Ahad 27 Apr 2025 13:39 WIB

Sukuk, Alternatif Investasi Berbasis Aset Riil di Tengah Ketidakpastian Ekonomi Global

Sukuk semakin dilirik sebagai alternatif investasi yang lebih stabil.

Rep: Dian Fath Risalah/ Red: Ahmad Fikri Noor
Ilustrasi masyarakat membeli sukuk.
Foto: Republika/Prayogi
Ilustrasi masyarakat membeli sukuk.

REPUBLIKA.CO.ID, JAKARTA — Di tengah ketidakpastian ekonomi global yang terus menguji ketahanan negara-negara besar, Indonesia menunjukkan potensi besar dalam pengembangan ekonomi syariah, terutama melalui sukuk. Sukuk, yang merupakan obligasi syariah berbasis aset riil, semakin dilirik sebagai alternatif investasi yang lebih stabil dibandingkan obligasi konvensional.

Penasihat Center of Sharia Economic Development (CSED) Institute for Development of Economics and Finance (INDEF) Abdul Hakam Naja menjelaskan bahwa sukuk menawarkan keunggulan tersendiri karena memiliki underlying yang nyata. “Sukuk itu adalah obligasi syariah yang berbasis pada aset riil, seperti nilai manfaat aset dan proyek tertentu. Berbeda dengan obligasi konvensional yang tidak memiliki jaminan nyata,” ujarnya dalam diskusi publik bertajuk Dampak Perang Dagang Bagi Ekonomi dan Keuangan Syariah yang digelar daring, Jumat (25/4/2025).

Baca Juga

Abdul Hakam menambahkan, sukuk diharapkan menjadi solusi bagi investor yang ingin mencari instrumen investasi yang lebih aman di tengah ketidakpastian ekonomi yang disebabkan oleh defisit besar yang dialami Amerika Serikat. Menurut data dari U.S. Trade Representative, pada tahun 2024 Amerika mengalami defisit perdagangan global sebesar 1,2 triliun dolar AS dengan defisit terbesar terjadi dengan China, serta defisit dengan Indonesia yang tercatat mencapai 17 miliar dolar AS.

“Amerika defisit 17 miliar dolar AS tahun kemarin 16 miliar dolar AS. Jadi memang itu yang terjadi. Jadi Amerika perlu melakukan upaya agar defisit ini teratasi, karena ada double defisit di Amerika,” jelasnya.

Lebih lanjut, Abdul Hakam menyoroti perkembangan ekonomi digital Indonesia, khususnya melalui kebijakan Pembayaran Nasional (GPN) dan Quick Response Indonesian Standard (QRIS).

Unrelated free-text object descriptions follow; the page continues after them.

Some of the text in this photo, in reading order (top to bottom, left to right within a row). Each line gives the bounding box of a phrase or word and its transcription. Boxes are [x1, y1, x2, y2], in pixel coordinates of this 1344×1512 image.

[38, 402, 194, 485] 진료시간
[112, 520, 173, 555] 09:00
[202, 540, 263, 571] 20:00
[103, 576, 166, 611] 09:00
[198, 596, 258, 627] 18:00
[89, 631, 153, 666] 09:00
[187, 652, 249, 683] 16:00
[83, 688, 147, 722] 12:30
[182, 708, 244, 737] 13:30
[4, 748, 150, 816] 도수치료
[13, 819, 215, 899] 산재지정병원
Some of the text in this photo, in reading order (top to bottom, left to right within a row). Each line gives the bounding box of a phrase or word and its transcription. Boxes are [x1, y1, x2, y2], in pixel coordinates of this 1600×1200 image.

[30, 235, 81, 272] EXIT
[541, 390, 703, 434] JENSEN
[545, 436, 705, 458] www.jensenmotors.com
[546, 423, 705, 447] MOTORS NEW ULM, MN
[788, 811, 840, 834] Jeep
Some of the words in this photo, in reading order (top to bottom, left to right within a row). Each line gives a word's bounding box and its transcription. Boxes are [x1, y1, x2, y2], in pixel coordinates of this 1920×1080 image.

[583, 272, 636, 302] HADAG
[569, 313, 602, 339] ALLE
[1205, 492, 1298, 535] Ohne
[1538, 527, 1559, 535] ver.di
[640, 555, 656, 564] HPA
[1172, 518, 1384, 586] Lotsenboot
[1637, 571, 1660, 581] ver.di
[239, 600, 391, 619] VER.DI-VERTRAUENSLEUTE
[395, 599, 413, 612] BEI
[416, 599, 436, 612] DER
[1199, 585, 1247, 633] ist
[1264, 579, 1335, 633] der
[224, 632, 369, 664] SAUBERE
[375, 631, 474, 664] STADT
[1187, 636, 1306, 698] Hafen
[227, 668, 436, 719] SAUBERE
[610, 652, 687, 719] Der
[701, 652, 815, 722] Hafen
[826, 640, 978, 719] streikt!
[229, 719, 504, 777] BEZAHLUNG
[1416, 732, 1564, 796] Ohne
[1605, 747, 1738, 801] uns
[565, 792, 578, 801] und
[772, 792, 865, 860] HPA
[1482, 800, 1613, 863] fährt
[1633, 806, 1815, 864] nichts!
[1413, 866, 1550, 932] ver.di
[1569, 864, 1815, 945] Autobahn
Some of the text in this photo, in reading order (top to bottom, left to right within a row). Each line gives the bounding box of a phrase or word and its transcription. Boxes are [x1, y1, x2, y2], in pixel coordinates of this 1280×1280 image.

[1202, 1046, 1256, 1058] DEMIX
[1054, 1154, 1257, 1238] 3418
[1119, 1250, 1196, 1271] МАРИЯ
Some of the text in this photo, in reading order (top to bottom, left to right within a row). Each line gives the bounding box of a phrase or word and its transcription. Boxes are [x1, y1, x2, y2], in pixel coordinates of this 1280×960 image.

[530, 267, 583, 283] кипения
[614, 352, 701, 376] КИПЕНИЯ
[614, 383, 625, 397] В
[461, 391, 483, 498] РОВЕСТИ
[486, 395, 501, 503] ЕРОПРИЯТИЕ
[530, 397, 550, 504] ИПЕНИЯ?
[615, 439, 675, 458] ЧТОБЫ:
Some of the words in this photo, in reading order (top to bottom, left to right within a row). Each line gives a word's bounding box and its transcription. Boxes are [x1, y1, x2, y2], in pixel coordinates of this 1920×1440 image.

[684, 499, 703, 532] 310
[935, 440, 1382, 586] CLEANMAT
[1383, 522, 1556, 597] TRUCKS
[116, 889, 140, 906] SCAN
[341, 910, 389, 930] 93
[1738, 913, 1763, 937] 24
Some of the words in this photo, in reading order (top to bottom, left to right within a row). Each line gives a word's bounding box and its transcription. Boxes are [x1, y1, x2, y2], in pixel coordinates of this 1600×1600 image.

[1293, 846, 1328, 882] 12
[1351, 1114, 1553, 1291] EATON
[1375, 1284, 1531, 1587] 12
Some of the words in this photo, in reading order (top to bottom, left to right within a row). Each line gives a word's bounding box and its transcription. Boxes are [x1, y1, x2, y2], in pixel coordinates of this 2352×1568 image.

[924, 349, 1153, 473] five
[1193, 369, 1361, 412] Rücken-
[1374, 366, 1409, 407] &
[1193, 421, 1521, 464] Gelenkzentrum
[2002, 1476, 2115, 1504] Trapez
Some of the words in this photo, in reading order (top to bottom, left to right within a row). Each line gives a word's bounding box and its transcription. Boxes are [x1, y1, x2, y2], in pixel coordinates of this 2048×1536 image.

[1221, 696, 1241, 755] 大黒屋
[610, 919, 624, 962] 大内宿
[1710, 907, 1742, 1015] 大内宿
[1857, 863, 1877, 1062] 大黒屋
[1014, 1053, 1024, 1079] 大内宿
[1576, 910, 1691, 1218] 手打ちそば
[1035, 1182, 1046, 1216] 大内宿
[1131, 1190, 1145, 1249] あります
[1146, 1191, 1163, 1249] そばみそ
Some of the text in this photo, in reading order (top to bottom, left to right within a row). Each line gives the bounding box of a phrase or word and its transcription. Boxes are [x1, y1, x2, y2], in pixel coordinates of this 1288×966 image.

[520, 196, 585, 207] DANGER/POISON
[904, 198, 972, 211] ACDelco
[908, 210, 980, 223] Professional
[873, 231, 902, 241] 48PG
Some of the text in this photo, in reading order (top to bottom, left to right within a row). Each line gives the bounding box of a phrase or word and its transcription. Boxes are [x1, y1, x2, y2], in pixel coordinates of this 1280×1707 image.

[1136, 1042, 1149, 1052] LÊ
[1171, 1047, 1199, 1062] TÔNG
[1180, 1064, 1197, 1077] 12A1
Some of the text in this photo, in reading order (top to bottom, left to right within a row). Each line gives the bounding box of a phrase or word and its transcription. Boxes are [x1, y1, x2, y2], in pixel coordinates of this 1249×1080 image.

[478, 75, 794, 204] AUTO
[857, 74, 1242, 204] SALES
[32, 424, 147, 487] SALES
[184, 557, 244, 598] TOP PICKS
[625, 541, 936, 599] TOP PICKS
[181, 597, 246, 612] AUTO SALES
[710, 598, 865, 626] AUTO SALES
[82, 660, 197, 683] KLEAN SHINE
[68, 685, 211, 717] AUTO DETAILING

“Amerika memberikan sorotan bahwa di dalam kebijakan BPN dan QRIS ini ada pembatasan untuk ekonomi masing-masing,” ujarnya.

Meskipun ada kekhawatiran dari pihak Amerika, dia menilai bahwa kebijakan ini memberi manfaat bagi ekonomi domestik Indonesia, dengan transaksi QRIS yang sudah mencapai lebih dari seribu triliun rupiah sejak diluncurkan pada 2020. Selain itu, Abdul Hakam juga menekankan pentingnya emas sebagai salah satu aset yang stabil dan aman di tengah ketidakpastian global.

“Emas ini sekarang jadi primadona dan ternyata betul. Emas Antam saya cek tadi Rp 1.986.000. Tapi barangnya tidak ada,” tuturnya.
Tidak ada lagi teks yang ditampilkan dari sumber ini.